(Exercise): The entries below are to be transcribed in full, without their images.

[Referring expression grounding data]
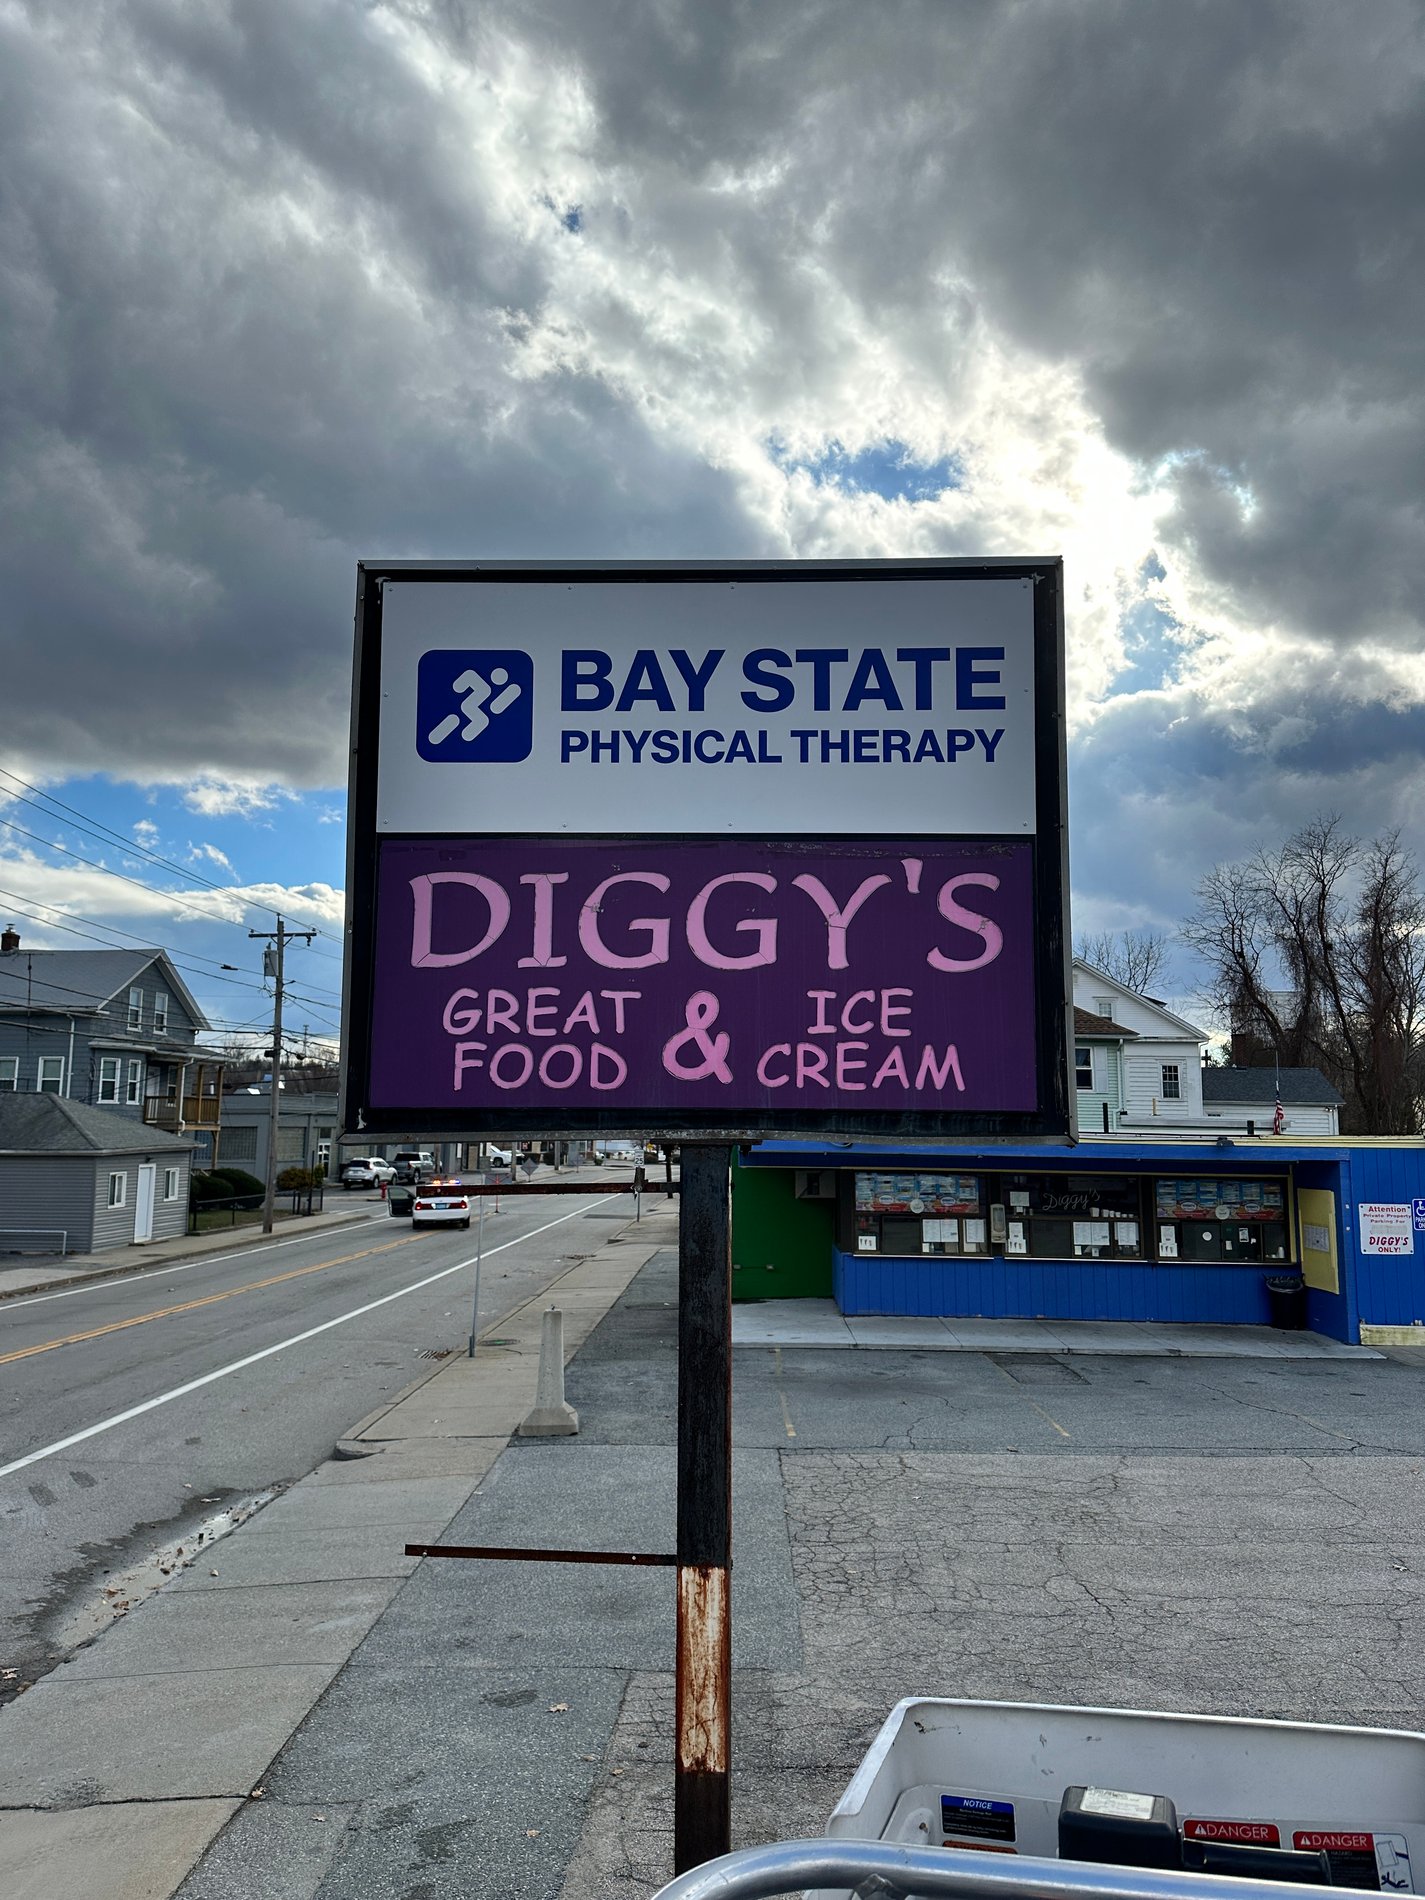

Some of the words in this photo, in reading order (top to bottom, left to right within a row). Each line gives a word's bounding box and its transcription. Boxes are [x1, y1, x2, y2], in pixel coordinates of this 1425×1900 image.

[560, 648, 726, 713] BAY
[740, 646, 1007, 713] STATE
[560, 730, 766, 765] PHYSICAL
[790, 728, 1007, 764] THERAPY
[408, 858, 1005, 975] DIGGY'S
[442, 987, 643, 1036] GREAT
[807, 988, 915, 1037] ICE
[661, 989, 733, 1086] &
[453, 1042, 629, 1092] FOOD
[756, 1042, 967, 1093] CREAM
[635, 1157, 644, 1165] 25
[1042, 1188, 1101, 1210] Diggy's
[1368, 1205, 1407, 1213] Attention
[1369, 1236, 1409, 1246] DIGGY'S
[963, 1799, 993, 1810] NOTICE
[1206, 1823, 1269, 1839] DANGER
[1311, 1834, 1367, 1848] DANGER

(Response area):
Some of the words in this photo, in reading order (top to bottom, left to right within a row). Each line gives a word's bounding box and its transcription. Boxes are [x1, y1, x2, y2], in pixel coordinates of this 1425×1900 image.

[560, 648, 726, 713] BAY
[740, 646, 1007, 713] STATE
[560, 730, 766, 765] PHYSICAL
[790, 728, 1007, 764] THERAPY
[408, 858, 1005, 975] DIGGY'S
[442, 987, 643, 1036] GREAT
[807, 988, 915, 1037] ICE
[661, 989, 733, 1086] &
[453, 1042, 629, 1092] FOOD
[756, 1042, 967, 1093] CREAM
[635, 1157, 644, 1165] 25
[1042, 1188, 1101, 1210] Diggy's
[1368, 1205, 1407, 1213] Attention
[1369, 1236, 1409, 1246] DIGGY'S
[963, 1799, 993, 1810] NOTICE
[1206, 1823, 1269, 1839] DANGER
[1311, 1834, 1367, 1848] DANGER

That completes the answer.